Zum Glück gibt es in allen bedrohten Orten sehr engagierte Bürgerinitiativen, die seit einigen Monaten eng zusammenarbeiten. Darüberhinaus entwickelt sich eine Vernetzung mit anderen potentiell von den Zerstörungen des neuen Lithiumrauschs betroffenen Gebieten der Welt. Interessante Erkenntnis dabei: Zumindest in Europa scheint das Bergrecht kaum irgendwo so rückschrittlich und umweltignorant zu sein wie in Deutschland. Es gibt gute Gründe, die Petition „Menschenrecht vor Bergrecht“ zu unterschreiben: osterzgebirge.org/de/2024/11/17/petition-zum-bergrecht-jetzt-mitzeichnen.

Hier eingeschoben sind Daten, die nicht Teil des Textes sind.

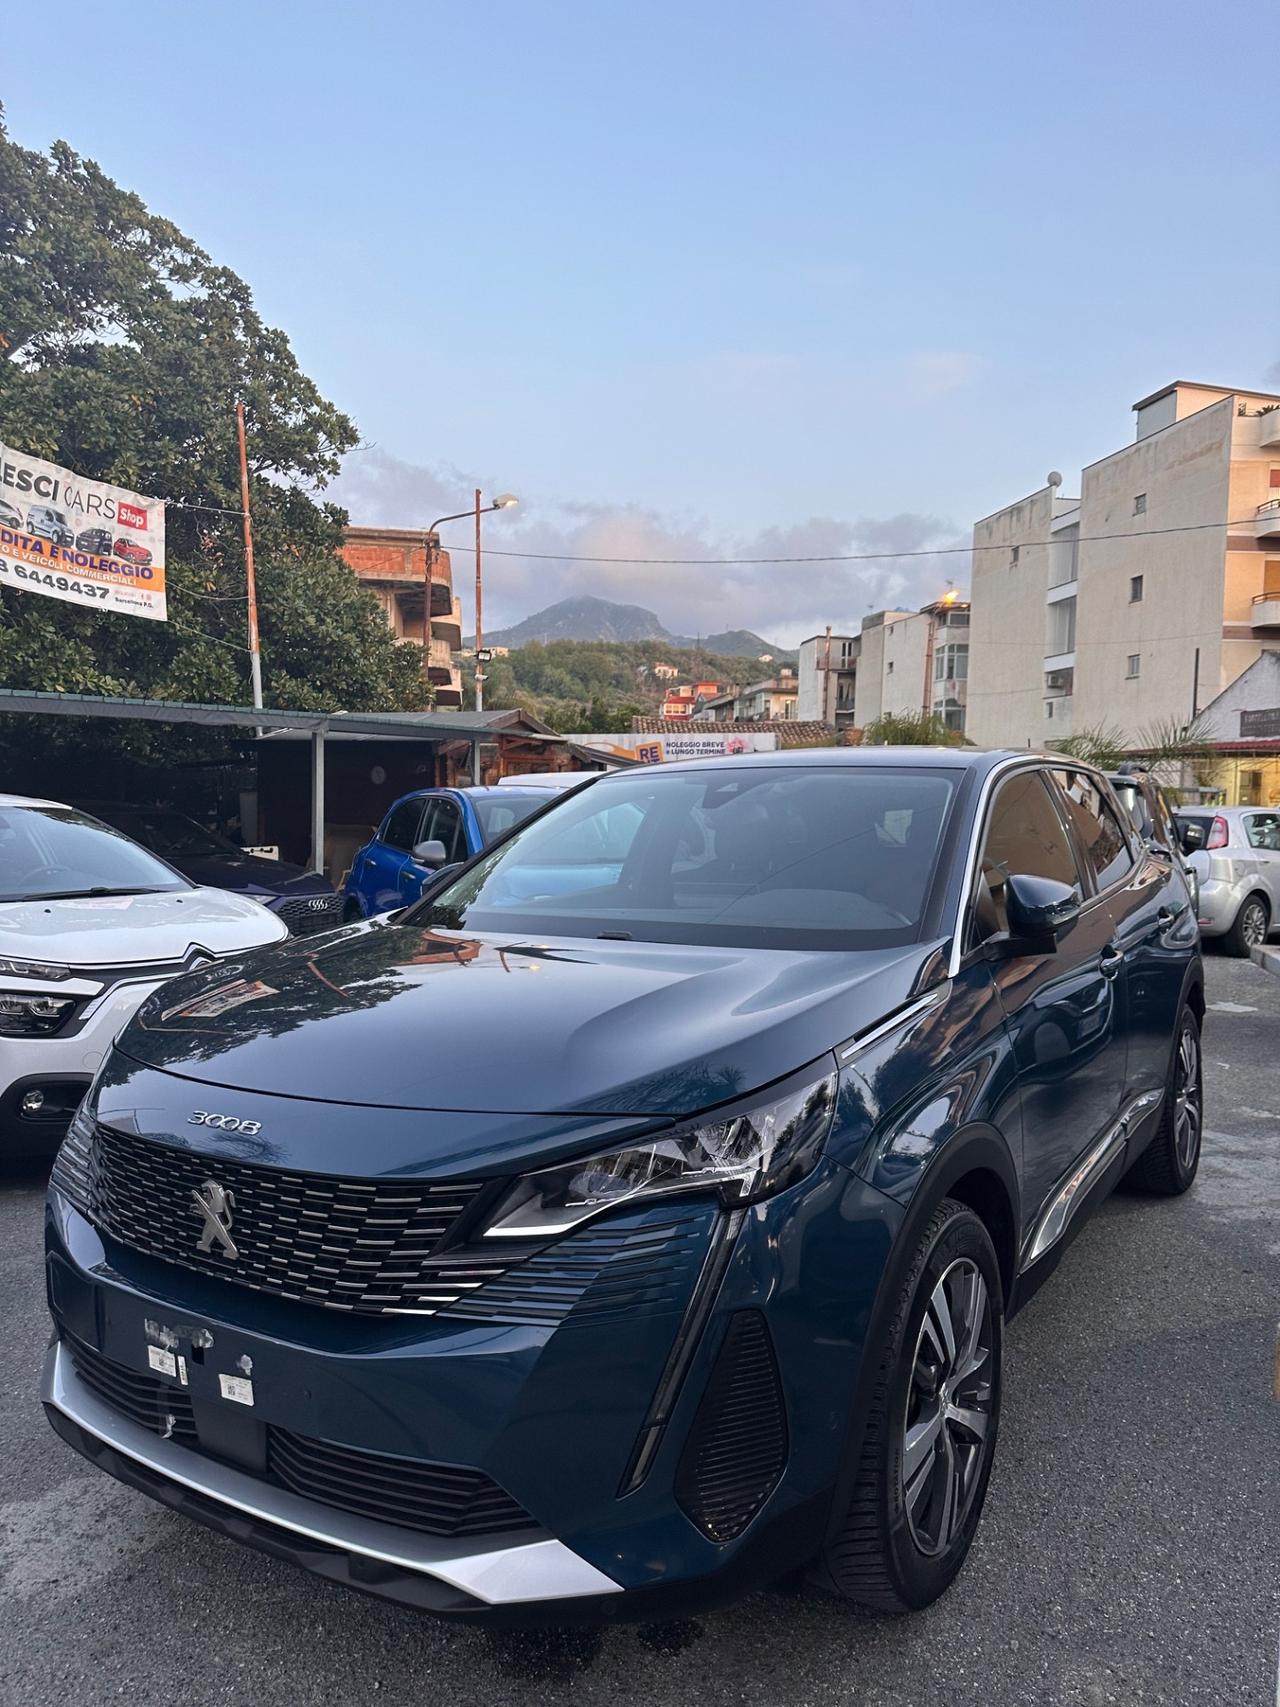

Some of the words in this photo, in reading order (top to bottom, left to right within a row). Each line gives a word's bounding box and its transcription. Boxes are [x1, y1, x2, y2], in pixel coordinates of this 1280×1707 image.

Ja, wir müssen raus aus den fossilen Brennstoffen, gar keine Frage. Doch es kann keine Lösung sein, einfach den einen Ressourcenüberverbrauch durch einen neuen Ressourcenüberverbrauch zu ersetzen. Immer zu Lasten der ohnehin bereits über ihre Grenzen belasteten Natur. Mindestens so sehr wie an anderen Orten der Welt gilt dies für das Ost-Erzgebirge. Auch ganz ohne übersteigertem Lokalpatriotismus: wir haben hier enorm große Verantwortung für besonders wertvolle „Biologische Vielfalt“. Für völlig überdimensionierte Bergbau-Industrieprojekte ist hier kein Platz – nicht in Zinnwald oder Cínovec, nicht in Liebenau und schon gar nicht im Bielatal, nirgends!

Jens Weber

(leider unscharfes) Foto der am 20.11. in Lauenstein kurz gezeigten „Bielatalvariante“

Versuch der Übertragung der „Bielatalvariante“ vom Foto auf eine OSM-Karte: Mittendrin im geplanten Standort der Fabrik zu Herstellung von Lithium-Hydroxid: die seit 30 Jahren während des alljährlichen Heulagers aufwendig und liebevoll gepflegten „Bielatalbiotope“.